Champions were born and soccer history made last night in the semifinals of the U.S. Women’s World Cup, as the United States blew past Germany to secure a 2-0 victory and advance to the Finals on Sunday. FairVote has been joining in the excitement surrounding the Women’s World Cup this week by running a poll on the most valuable player on the Women’s World Cup Team, using ranked choice voting (RCV). After last night’s game-changing goal from power midfielder and team captain Carli Lloyd, we wanted to add her to our poll and give U.S. women’s soccer fans everywhere a chance to celebrate her leadership and goal production on the team. You can vote for Carli and her teammates using RCV to rank your favorite players in order of preference. Since RCV allows for more “candidates” and more choice on behalf of voters, Lloyd’s entry into the race won’t keep fans from determining a majority winner, but will certainly make for a more interesting race. For now, you can see the results of the poll without Carli Lloyd, and get a complete picture of how voters ranked the players. In our previous poll, Abby Wambach got the most first-choice votes as the most valuable player on the team. With RCV, the MVP is determined by eliminating the players with the fewest and transferring votes to the voter’s second choice. On the results page, you can see how the votes are transferred when each lowest vote-getting player is eliminated. Players like Abby Wambach and Hope Solo picked up support in each round. For example, when Alex Morgan was eliminated in round three, her six supporters were distributed among Hope Solo, Megan Rapinoe, and Abby Wambach. The beauty of using RCV is that when Megan was eliminated for having too little support, those voters still had an opportunity to have their vote count.
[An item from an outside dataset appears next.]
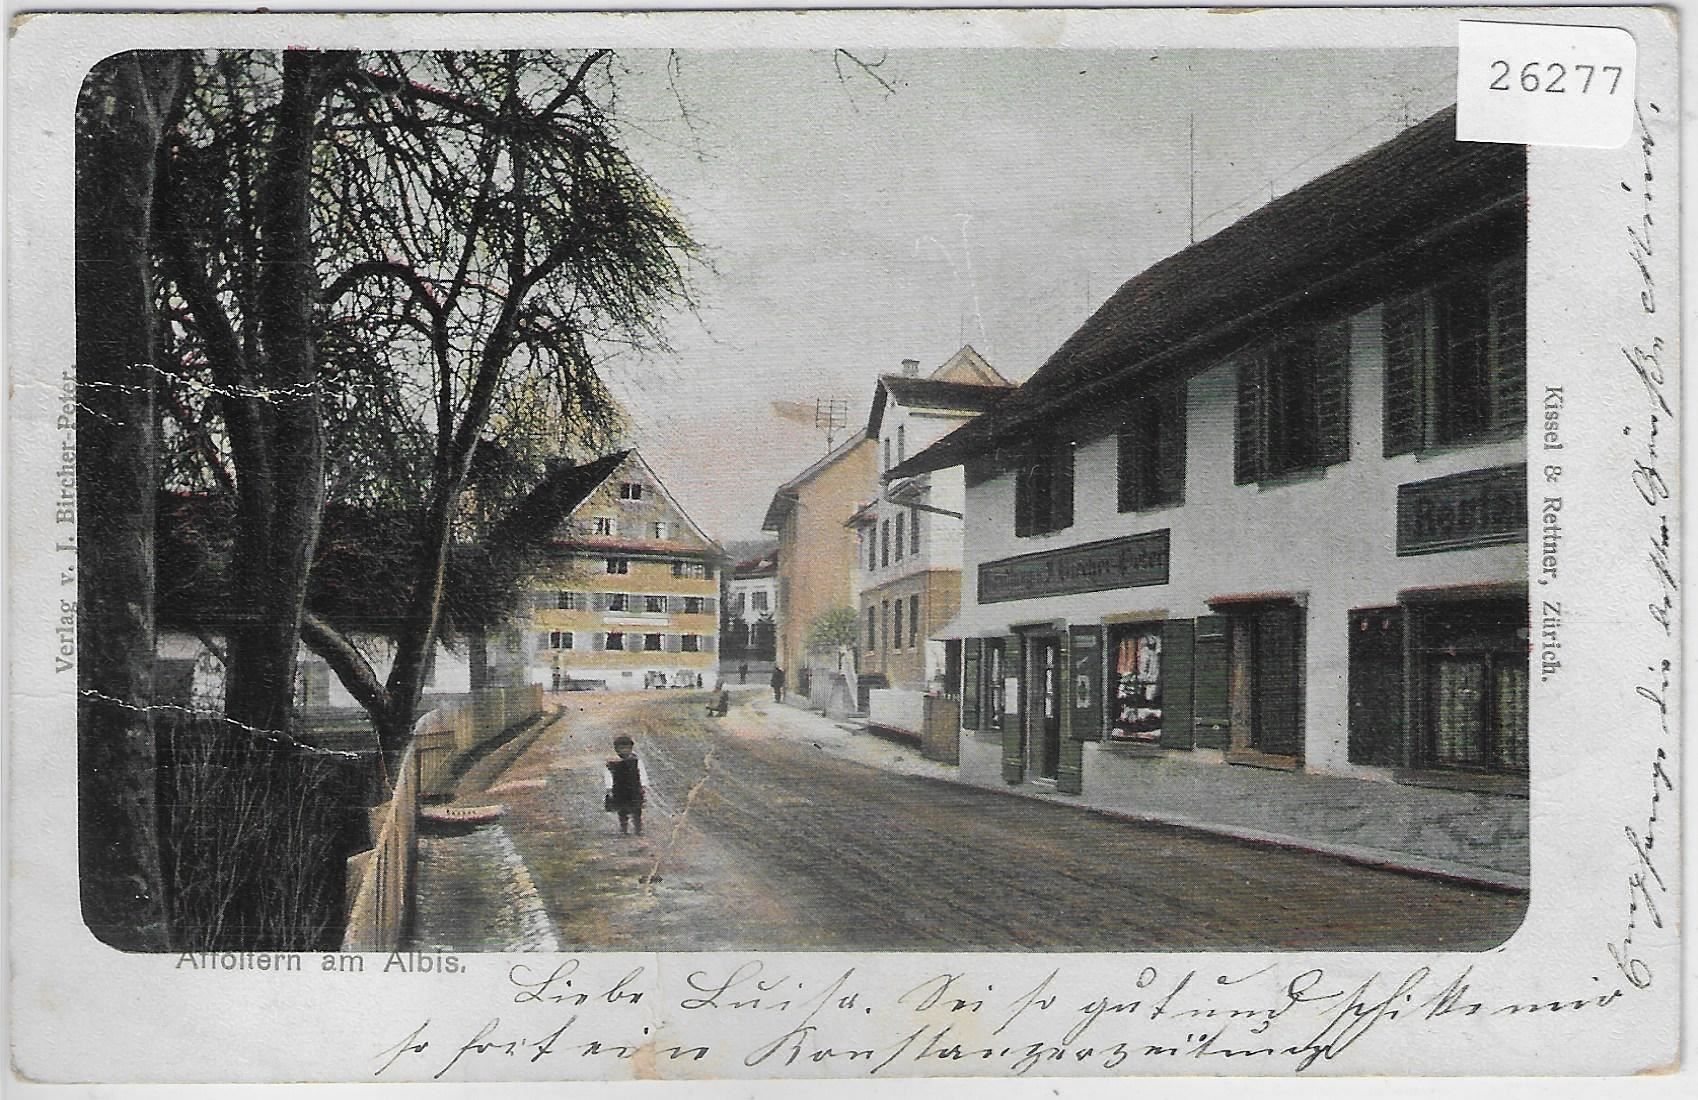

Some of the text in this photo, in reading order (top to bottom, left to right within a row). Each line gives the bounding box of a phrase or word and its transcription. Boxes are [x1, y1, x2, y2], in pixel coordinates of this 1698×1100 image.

Throughout the rounds of voting, Abby Wambach’s broad support among voters allowed her to maintain and strengthen her lead, and she ended up winning the poll with 22 of the 42 votes cast. The secret to Abby’s success in this poll was her strong first choice support combined with a broader coalition of supporters who listed her as their second or third choice. Her victory in this poll shows how candidates succeed with a wide coalition of supporters when using RCV.
When voters get to rank candidates, they have more choice in the election and the winning candidate has a stronger mandate to lead, or in this case, a stronger mandate to score a couple of goals in the World Cup Final. On Sunday, the US Women’s team will take on either Japan or England in the final.